Total's lawyer testified on the opening day of a trial in which 15
organisations and individuals are charged with responsibility for the
spill that poured 20,000 tonnes of oil into the sea, polluted 400 km
(250 miles) of coastline and caused damage valued at up to 1 billion
euros (US$1.30 billion).
Lawyer Daniel Soulez-Lariviere told the court that Total, as the ship's
charterer, was not responsible for its safety. The documents it received
when chartering the 25-year-old vessel indicated it was fully seaworthy,
he said.
"A state of law means not changing the rules under the influence of the
emotions of the day," he added.
The Erika, a rusting, Maltese-registered tanker, broke in two and sank
in heavy seas in the Bay of Biscay some 70 km off the French coast on
Dec. 12, 1999.
Its 26 crew were winched to safety by helicopter and its fuel cargo
started to sweep ashore almost two weeks later, killing between 60,000
and 300,000 birds -- the largest number of sea birds ever known to have
been killed by an oil spill.
Presidential elections are due in France in April and May, and the case
has assumed political overtones amid the increased focus on
environmental issues.
Lawyers, witnesses and plaintiffs were besieged by reporters and
television cameramen as they entered the courtroom.
Both the rightist government and Socialist presidential candidate
Segolene Royal, in her role as head of the Poitou-Charentes coastal
region in western France, are among 74 plaintiffs including local
councils and environmental groups.
"We are at an absolute turning point today," said Francois Patsouris,
vice-president of Poitou-Charentes regional council. "This case has to
set a precedent. In the United States, there was the Exxon Valdez case.

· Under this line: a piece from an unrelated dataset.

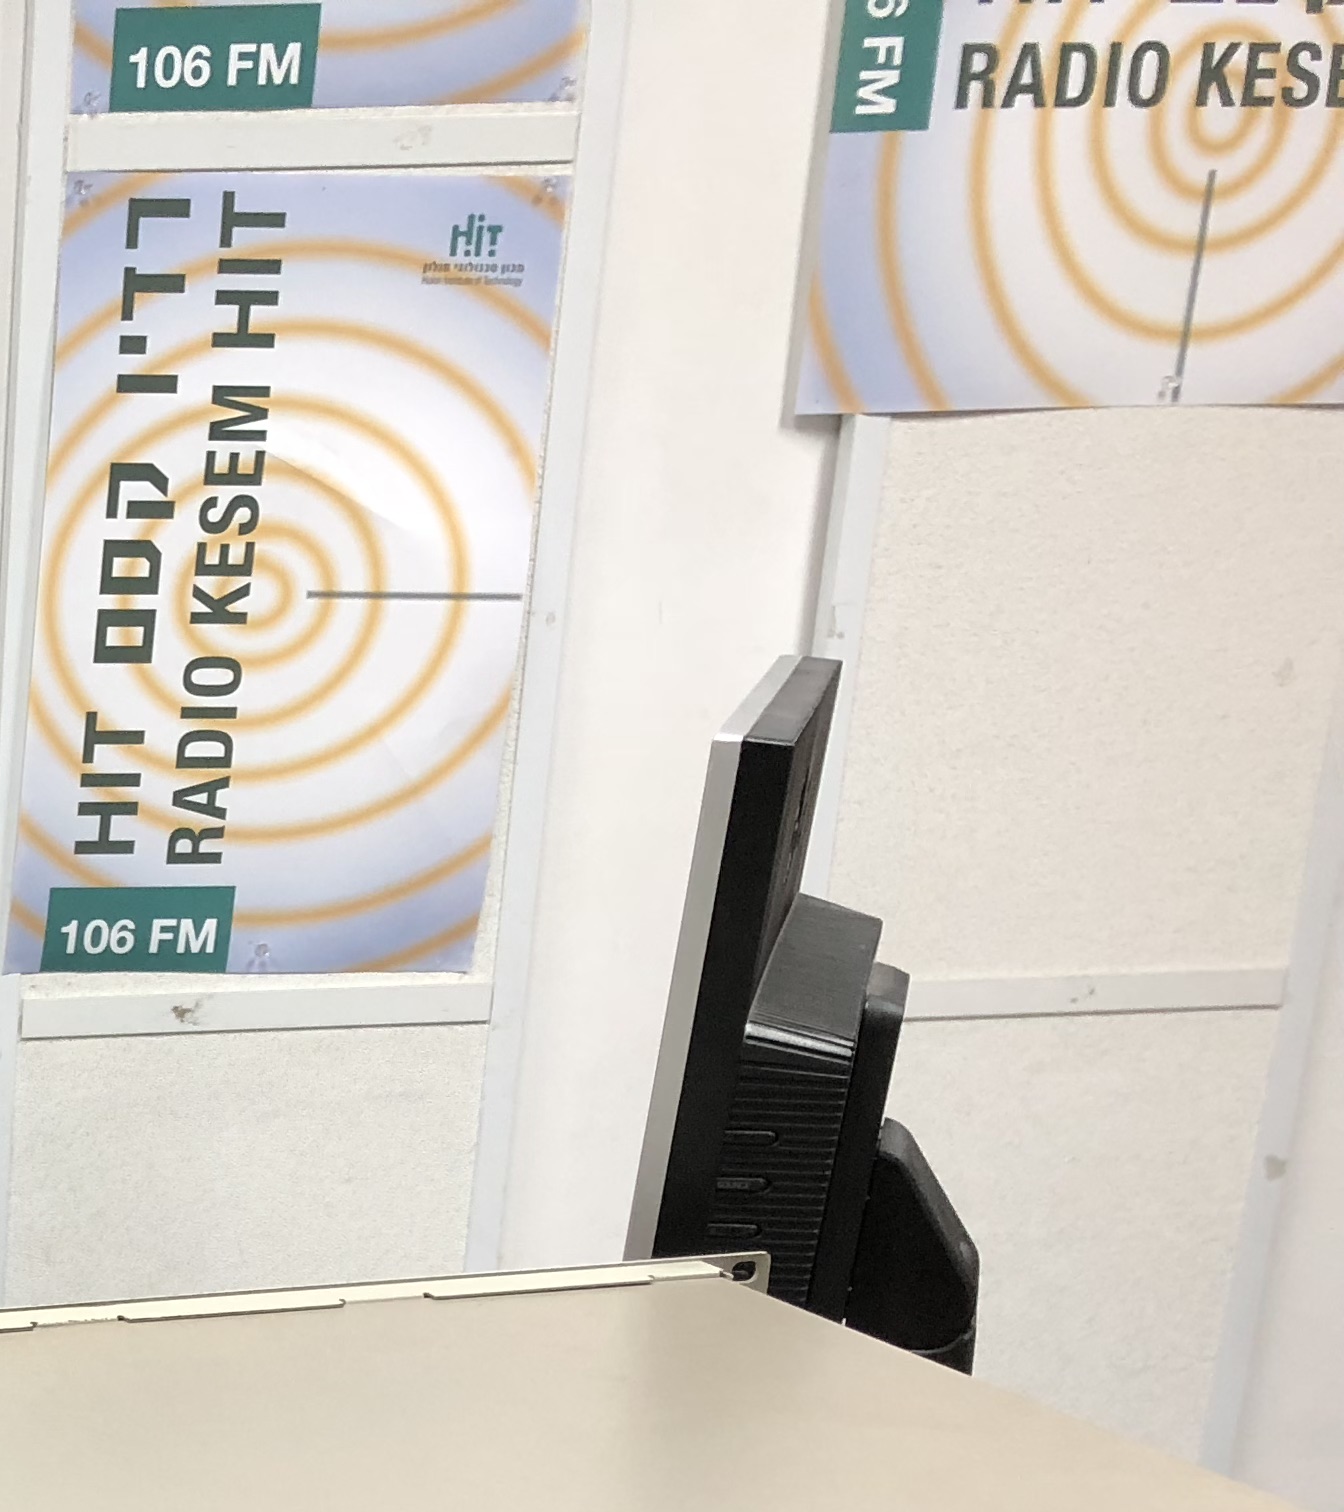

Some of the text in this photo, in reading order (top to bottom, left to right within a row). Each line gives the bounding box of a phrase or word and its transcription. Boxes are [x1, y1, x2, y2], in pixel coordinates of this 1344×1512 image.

We have to have the same thing in Europe. Otherwise maritime law will
not advance."
The Erika case has revealed an opaque world of labyrinthine ship
ownership and chartering arrangements that plaintiffs in the case say
hindered effective safety regulation.
Monster trial
Total, the world's fourth largest oil group, is accused of marine
pollution, deliberately failing to take measures to prevent the
pollution and complicity in endangering human lives. The company denies
the charges.
Having spent 200 million euros on the cleanup operation, Total faces
penalties ranging from tens of thousands of euros in fines to many
millions of euros in damages if found guilty.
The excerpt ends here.